§ Task prompt
Reproduce all the data, character for character.
**********
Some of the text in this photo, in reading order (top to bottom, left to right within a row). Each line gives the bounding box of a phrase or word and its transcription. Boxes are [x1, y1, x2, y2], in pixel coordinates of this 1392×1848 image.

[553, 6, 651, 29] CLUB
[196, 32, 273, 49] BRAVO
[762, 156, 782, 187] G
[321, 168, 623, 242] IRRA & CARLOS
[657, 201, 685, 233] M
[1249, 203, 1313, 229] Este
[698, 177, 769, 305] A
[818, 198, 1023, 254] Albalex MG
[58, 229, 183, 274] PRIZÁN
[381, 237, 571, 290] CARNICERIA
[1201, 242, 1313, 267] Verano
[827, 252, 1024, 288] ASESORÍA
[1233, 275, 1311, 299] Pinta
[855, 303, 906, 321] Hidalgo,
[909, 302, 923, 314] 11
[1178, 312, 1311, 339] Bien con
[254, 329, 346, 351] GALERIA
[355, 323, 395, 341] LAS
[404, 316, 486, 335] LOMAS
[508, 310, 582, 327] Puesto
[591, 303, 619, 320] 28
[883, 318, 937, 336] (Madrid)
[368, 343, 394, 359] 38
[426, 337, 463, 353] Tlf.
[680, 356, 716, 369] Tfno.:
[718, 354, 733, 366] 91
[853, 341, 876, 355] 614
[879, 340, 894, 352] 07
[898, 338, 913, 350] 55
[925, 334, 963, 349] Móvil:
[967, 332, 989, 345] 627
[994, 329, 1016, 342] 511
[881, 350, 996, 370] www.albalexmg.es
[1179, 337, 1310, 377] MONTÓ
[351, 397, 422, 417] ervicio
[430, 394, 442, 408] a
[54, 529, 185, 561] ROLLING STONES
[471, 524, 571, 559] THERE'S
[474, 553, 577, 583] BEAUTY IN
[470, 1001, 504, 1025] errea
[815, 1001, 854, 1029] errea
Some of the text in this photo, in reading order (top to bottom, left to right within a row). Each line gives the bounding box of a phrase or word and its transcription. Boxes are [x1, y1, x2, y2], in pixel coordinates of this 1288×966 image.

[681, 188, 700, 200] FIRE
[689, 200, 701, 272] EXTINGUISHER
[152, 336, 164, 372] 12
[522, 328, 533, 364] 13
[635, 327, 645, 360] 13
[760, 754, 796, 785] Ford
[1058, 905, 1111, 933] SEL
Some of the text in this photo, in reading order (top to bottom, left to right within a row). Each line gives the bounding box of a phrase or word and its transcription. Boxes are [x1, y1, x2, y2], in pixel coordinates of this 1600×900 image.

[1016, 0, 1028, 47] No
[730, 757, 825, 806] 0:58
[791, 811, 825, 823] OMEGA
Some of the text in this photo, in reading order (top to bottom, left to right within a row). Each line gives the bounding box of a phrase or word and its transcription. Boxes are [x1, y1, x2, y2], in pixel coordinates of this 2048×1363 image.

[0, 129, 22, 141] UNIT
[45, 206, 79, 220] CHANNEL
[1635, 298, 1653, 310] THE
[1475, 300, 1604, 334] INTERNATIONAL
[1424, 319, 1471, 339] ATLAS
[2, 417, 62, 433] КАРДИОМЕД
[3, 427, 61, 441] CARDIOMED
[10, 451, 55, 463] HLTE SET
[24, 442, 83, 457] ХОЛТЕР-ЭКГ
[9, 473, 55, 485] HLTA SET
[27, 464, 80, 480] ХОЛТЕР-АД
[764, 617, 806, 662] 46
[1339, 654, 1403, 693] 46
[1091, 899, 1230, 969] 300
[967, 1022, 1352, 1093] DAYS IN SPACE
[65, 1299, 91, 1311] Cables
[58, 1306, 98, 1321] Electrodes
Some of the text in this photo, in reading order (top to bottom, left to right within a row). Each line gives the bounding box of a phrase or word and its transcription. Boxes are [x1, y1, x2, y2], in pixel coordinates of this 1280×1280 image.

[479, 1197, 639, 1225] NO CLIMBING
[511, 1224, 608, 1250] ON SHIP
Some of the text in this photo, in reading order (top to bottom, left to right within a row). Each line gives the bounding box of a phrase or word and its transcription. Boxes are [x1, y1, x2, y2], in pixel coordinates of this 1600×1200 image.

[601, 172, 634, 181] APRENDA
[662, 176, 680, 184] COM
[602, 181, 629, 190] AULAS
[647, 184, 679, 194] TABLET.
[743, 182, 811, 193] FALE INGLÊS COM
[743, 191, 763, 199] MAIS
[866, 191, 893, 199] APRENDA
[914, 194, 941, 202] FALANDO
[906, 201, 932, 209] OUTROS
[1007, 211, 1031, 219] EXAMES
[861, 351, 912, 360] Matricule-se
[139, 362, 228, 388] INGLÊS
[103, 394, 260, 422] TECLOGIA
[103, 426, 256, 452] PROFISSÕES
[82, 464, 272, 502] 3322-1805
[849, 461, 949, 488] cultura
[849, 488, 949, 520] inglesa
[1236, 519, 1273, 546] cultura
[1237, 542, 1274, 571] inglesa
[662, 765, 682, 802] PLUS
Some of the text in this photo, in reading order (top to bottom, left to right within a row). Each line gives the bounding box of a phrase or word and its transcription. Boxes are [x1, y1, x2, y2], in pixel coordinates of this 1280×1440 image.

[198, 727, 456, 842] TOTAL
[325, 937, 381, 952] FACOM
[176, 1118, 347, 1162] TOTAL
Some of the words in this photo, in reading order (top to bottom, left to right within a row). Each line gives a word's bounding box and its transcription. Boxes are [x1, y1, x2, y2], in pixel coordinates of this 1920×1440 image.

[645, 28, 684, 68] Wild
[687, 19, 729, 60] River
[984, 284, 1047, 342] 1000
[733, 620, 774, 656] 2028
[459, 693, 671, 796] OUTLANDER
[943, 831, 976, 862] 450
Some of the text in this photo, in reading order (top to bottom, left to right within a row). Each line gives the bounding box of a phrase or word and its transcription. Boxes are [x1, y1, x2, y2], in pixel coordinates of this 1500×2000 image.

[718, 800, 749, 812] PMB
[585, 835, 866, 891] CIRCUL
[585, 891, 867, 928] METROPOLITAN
**********
§ Result of the exercise
Some of the text in this photo, in reading order (top to bottom, left to right within a row). Each line gives the bounding box of a phrase or word and its transcription. Boxes are [x1, y1, x2, y2], in pixel coordinates of this 1392×1848 image.

[553, 6, 651, 29] CLUB
[196, 32, 273, 49] BRAVO
[762, 156, 782, 187] G
[321, 168, 623, 242] IRRA & CARLOS
[657, 201, 685, 233] M
[1249, 203, 1313, 229] Este
[698, 177, 769, 305] A
[818, 198, 1023, 254] Albalex MG
[58, 229, 183, 274] PRIZÁN
[381, 237, 571, 290] CARNICERIA
[1201, 242, 1313, 267] Verano
[827, 252, 1024, 288] ASESORÍA
[1233, 275, 1311, 299] Pinta
[855, 303, 906, 321] Hidalgo,
[909, 302, 923, 314] 11
[1178, 312, 1311, 339] Bien con
[254, 329, 346, 351] GALERIA
[355, 323, 395, 341] LAS
[404, 316, 486, 335] LOMAS
[508, 310, 582, 327] Puesto
[591, 303, 619, 320] 28
[883, 318, 937, 336] (Madrid)
[368, 343, 394, 359] 38
[426, 337, 463, 353] Tlf.
[680, 356, 716, 369] Tfno.:
[718, 354, 733, 366] 91
[853, 341, 876, 355] 614
[879, 340, 894, 352] 07
[898, 338, 913, 350] 55
[925, 334, 963, 349] Móvil:
[967, 332, 989, 345] 627
[994, 329, 1016, 342] 511
[881, 350, 996, 370] www.albalexmg.es
[1179, 337, 1310, 377] MONTÓ
[351, 397, 422, 417] ervicio
[430, 394, 442, 408] a
[54, 529, 185, 561] ROLLING STONES
[471, 524, 571, 559] THERE'S
[474, 553, 577, 583] BEAUTY IN
[470, 1001, 504, 1025] errea
[815, 1001, 854, 1029] errea
Some of the text in this photo, in reading order (top to bottom, left to right within a row). Each line gives the bounding box of a phrase or word and its transcription. Boxes are [x1, y1, x2, y2], in pixel coordinates of this 1288×966 image.

[681, 188, 700, 200] FIRE
[689, 200, 701, 272] EXTINGUISHER
[152, 336, 164, 372] 12
[522, 328, 533, 364] 13
[635, 327, 645, 360] 13
[760, 754, 796, 785] Ford
[1058, 905, 1111, 933] SEL
Some of the text in this photo, in reading order (top to bottom, left to right within a row). Each line gives the bounding box of a phrase or word and its transcription. Boxes are [x1, y1, x2, y2], in pixel coordinates of this 1600×900 image.

[1016, 0, 1028, 47] No
[730, 757, 825, 806] 0:58
[791, 811, 825, 823] OMEGA
Some of the text in this photo, in reading order (top to bottom, left to right within a row). Each line gives the bounding box of a phrase or word and its transcription. Boxes are [x1, y1, x2, y2], in pixel coordinates of this 2048×1363 image.

[0, 129, 22, 141] UNIT
[45, 206, 79, 220] CHANNEL
[1635, 298, 1653, 310] THE
[1475, 300, 1604, 334] INTERNATIONAL
[1424, 319, 1471, 339] ATLAS
[2, 417, 62, 433] КАРДИОМЕД
[3, 427, 61, 441] CARDIOMED
[10, 451, 55, 463] HLTE SET
[24, 442, 83, 457] ХОЛТЕР-ЭКГ
[9, 473, 55, 485] HLTA SET
[27, 464, 80, 480] ХОЛТЕР-АД
[764, 617, 806, 662] 46
[1339, 654, 1403, 693] 46
[1091, 899, 1230, 969] 300
[967, 1022, 1352, 1093] DAYS IN SPACE
[65, 1299, 91, 1311] Cables
[58, 1306, 98, 1321] Electrodes
Some of the text in this photo, in reading order (top to bottom, left to right within a row). Each line gives the bounding box of a phrase or word and its transcription. Boxes are [x1, y1, x2, y2], in pixel coordinates of this 1280×1280 image.

[479, 1197, 639, 1225] NO CLIMBING
[511, 1224, 608, 1250] ON SHIP
Some of the text in this photo, in reading order (top to bottom, left to right within a row). Each line gives the bounding box of a phrase or word and its transcription. Boxes are [x1, y1, x2, y2], in pixel coordinates of this 1600×1200 image.

[601, 172, 634, 181] APRENDA
[662, 176, 680, 184] COM
[602, 181, 629, 190] AULAS
[647, 184, 679, 194] TABLET.
[743, 182, 811, 193] FALE INGLÊS COM
[743, 191, 763, 199] MAIS
[866, 191, 893, 199] APRENDA
[914, 194, 941, 202] FALANDO
[906, 201, 932, 209] OUTROS
[1007, 211, 1031, 219] EXAMES
[861, 351, 912, 360] Matricule-se
[139, 362, 228, 388] INGLÊS
[103, 394, 260, 422] TECLOGIA
[103, 426, 256, 452] PROFISSÕES
[82, 464, 272, 502] 3322-1805
[849, 461, 949, 488] cultura
[849, 488, 949, 520] inglesa
[1236, 519, 1273, 546] cultura
[1237, 542, 1274, 571] inglesa
[662, 765, 682, 802] PLUS
Some of the text in this photo, in reading order (top to bottom, left to right within a row). Each line gives the bounding box of a phrase or word and its transcription. Boxes are [x1, y1, x2, y2], in pixel coordinates of this 1280×1440 image.

[198, 727, 456, 842] TOTAL
[325, 937, 381, 952] FACOM
[176, 1118, 347, 1162] TOTAL
Some of the words in this photo, in reading order (top to bottom, left to right within a row). Each line gives a word's bounding box and its transcription. Boxes are [x1, y1, x2, y2], in pixel coordinates of this 1920×1440 image.

[645, 28, 684, 68] Wild
[687, 19, 729, 60] River
[984, 284, 1047, 342] 1000
[733, 620, 774, 656] 2028
[459, 693, 671, 796] OUTLANDER
[943, 831, 976, 862] 450
Some of the text in this photo, in reading order (top to bottom, left to right within a row). Each line gives the bounding box of a phrase or word and its transcription. Boxes are [x1, y1, x2, y2], in pixel coordinates of this 1500×2000 image.

[718, 800, 749, 812] PMB
[585, 835, 866, 891] CIRCUL
[585, 891, 867, 928] METROPOLITAN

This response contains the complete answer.